## Task goal:
The pictures stay out. Please retype every line below exactly.

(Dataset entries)

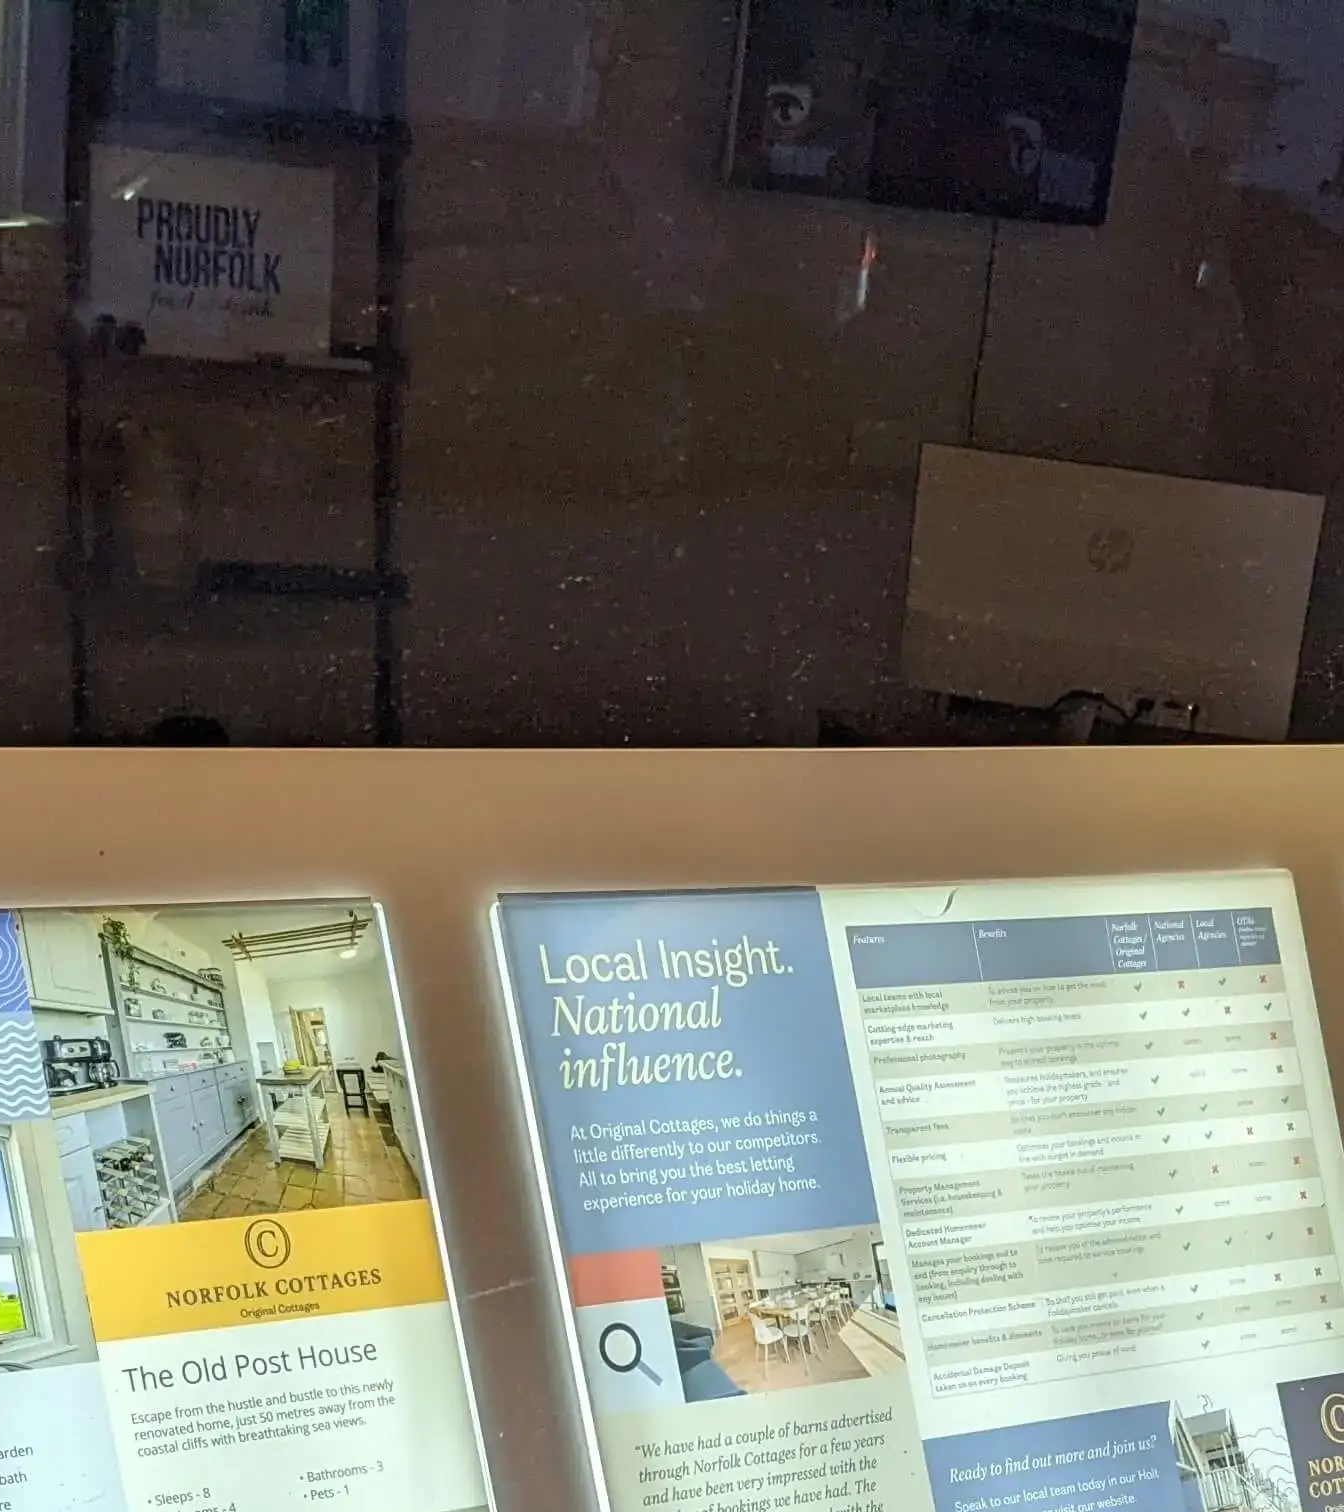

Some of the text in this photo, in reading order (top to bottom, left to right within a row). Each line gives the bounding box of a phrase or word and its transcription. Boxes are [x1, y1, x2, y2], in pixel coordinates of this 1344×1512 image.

[137, 197, 261, 249] PROUDLY
[538, 935, 794, 987] Local Insight.
[550, 985, 721, 1036] National
[558, 1041, 742, 1091] influence.
[570, 1109, 818, 1142] At Original Cottages, we do things a
[572, 1130, 822, 1164] little differently to our competitors.
[582, 1177, 820, 1214] experience for your holiday home.
[165, 1267, 381, 1308] NORFOLK COTTAGES
[239, 1301, 320, 1319] Original Cottages
[122, 1342, 377, 1392] The Old Post House
[130, 1378, 393, 1424] Escape from the hustle and bustle to this newly
[638, 1434, 885, 1483] through Norfolk Cottages for a few years
[949, 1433, 1157, 1483] Ready to find out more and join us?
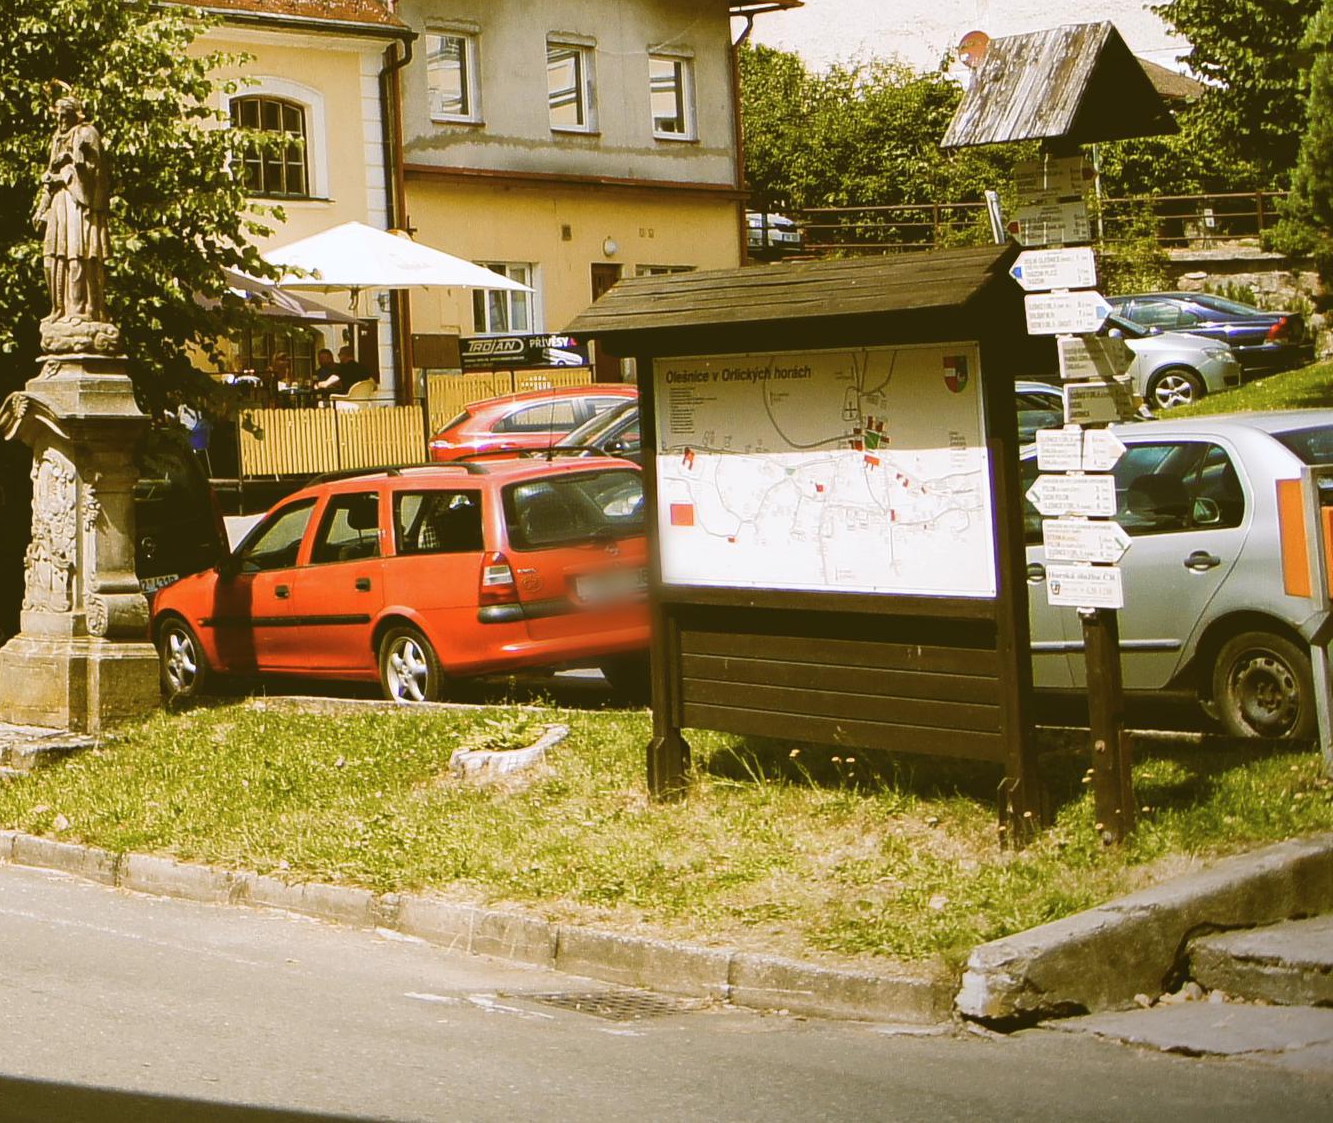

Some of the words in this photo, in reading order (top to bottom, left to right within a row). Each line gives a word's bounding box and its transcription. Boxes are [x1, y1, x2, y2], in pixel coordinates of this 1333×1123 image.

[468, 339, 516, 353] TROJAN
[529, 336, 569, 348] PŘÍVĚSY
[666, 369, 709, 383] Olešnice
[712, 372, 718, 381] v
[721, 367, 772, 383] Orlických
[774, 365, 812, 379] horách

## Reply to the exercise:
Some of the text in this photo, in reading order (top to bottom, left to right within a row). Each line gives the bounding box of a phrase or word and its transcription. Boxes are [x1, y1, x2, y2], in pixel coordinates of this 1344×1512 image.

[137, 197, 261, 249] PROUDLY
[538, 935, 794, 987] Local Insight.
[550, 985, 721, 1036] National
[558, 1041, 742, 1091] influence.
[570, 1109, 818, 1142] At Original Cottages, we do things a
[572, 1130, 822, 1164] little differently to our competitors.
[582, 1177, 820, 1214] experience for your holiday home.
[165, 1267, 381, 1308] NORFOLK COTTAGES
[239, 1301, 320, 1319] Original Cottages
[122, 1342, 377, 1392] The Old Post House
[130, 1378, 393, 1424] Escape from the hustle and bustle to this newly
[638, 1434, 885, 1483] through Norfolk Cottages for a few years
[949, 1433, 1157, 1483] Ready to find out more and join us?

Some of the words in this photo, in reading order (top to bottom, left to right within a row). Each line gives a word's bounding box and its transcription. Boxes are [x1, y1, x2, y2], in pixel coordinates of this 1333×1123 image.

[468, 339, 516, 353] TROJAN
[529, 336, 569, 348] PŘÍVĚSY
[666, 369, 709, 383] Olešnice
[712, 372, 718, 381] v
[721, 367, 772, 383] Orlických
[774, 365, 812, 379] horách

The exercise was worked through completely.